• **WHAT YOU SHOULD DO**
Write out the entries exactly, pictures excluded.
::::::::
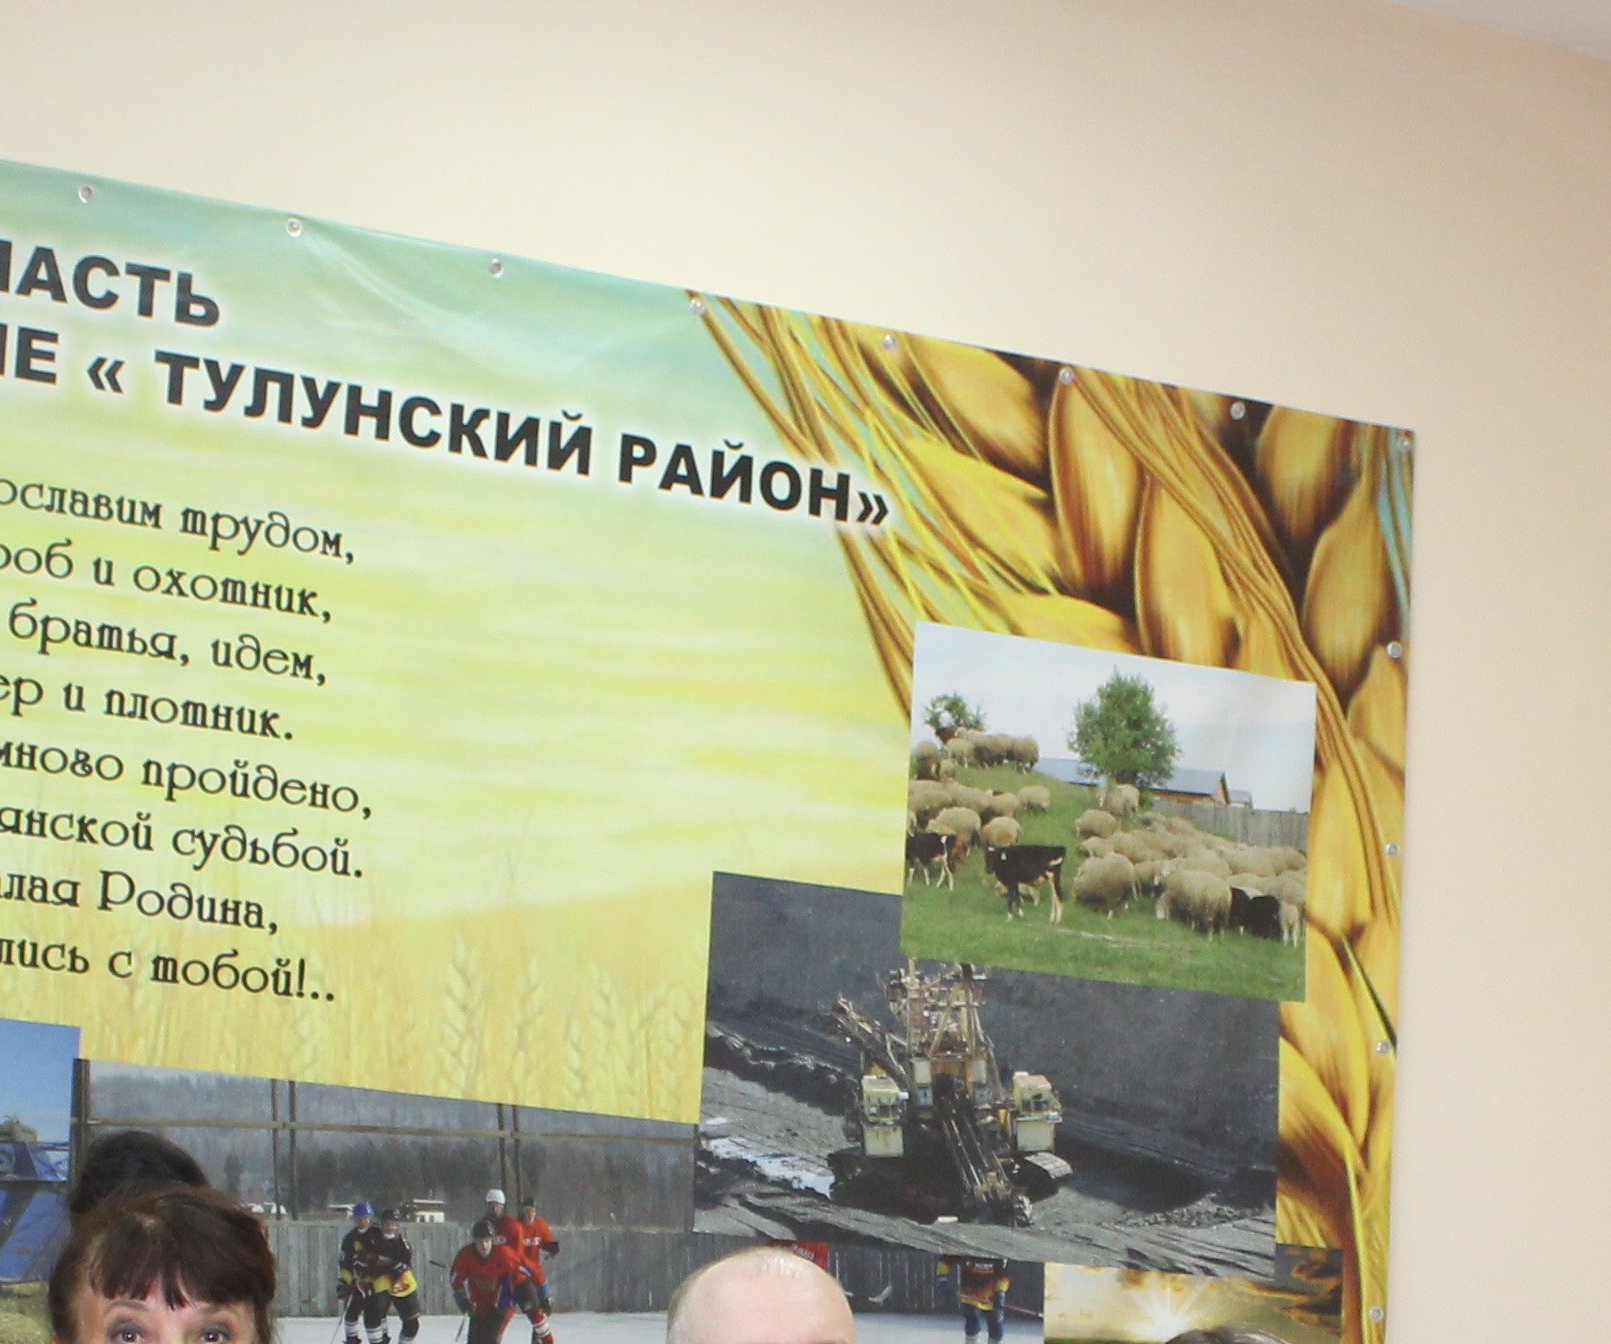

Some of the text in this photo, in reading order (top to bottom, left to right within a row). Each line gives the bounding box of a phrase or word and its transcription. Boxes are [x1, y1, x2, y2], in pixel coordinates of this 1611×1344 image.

[154, 349, 593, 477] ТУЛУНСКИЙ
[618, 432, 889, 526] РАЙОН»
[179, 506, 354, 565] трудом,
[92, 556, 115, 587] и
[132, 565, 331, 624] охотник,
[8, 597, 190, 668] братья,
[210, 633, 326, 687] идем,
[62, 681, 86, 713] и
[103, 688, 293, 741] плотник.
[140, 758, 372, 821] пройдено,
[171, 823, 363, 879] судьбой.
[96, 869, 278, 936] Родина,
[107, 950, 133, 979] с
[149, 948, 335, 1002] тобой!..
::::::::
• **RESPONSE TO THIS TASK**
Some of the text in this photo, in reading order (top to bottom, left to right within a row). Each line gives the bounding box of a phrase or word and its transcription. Boxes are [x1, y1, x2, y2], in pixel coordinates of this 1611×1344 image.

[154, 349, 593, 477] ТУЛУНСКИЙ
[618, 432, 889, 526] РАЙОН»
[179, 506, 354, 565] трудом,
[92, 556, 115, 587] и
[132, 565, 331, 624] охотник,
[8, 597, 190, 668] братья,
[210, 633, 326, 687] идем,
[62, 681, 86, 713] и
[103, 688, 293, 741] плотник.
[140, 758, 372, 821] пройдено,
[171, 823, 363, 879] судьбой.
[96, 869, 278, 936] Родина,
[107, 950, 133, 979] с
[149, 948, 335, 1002] тобой!..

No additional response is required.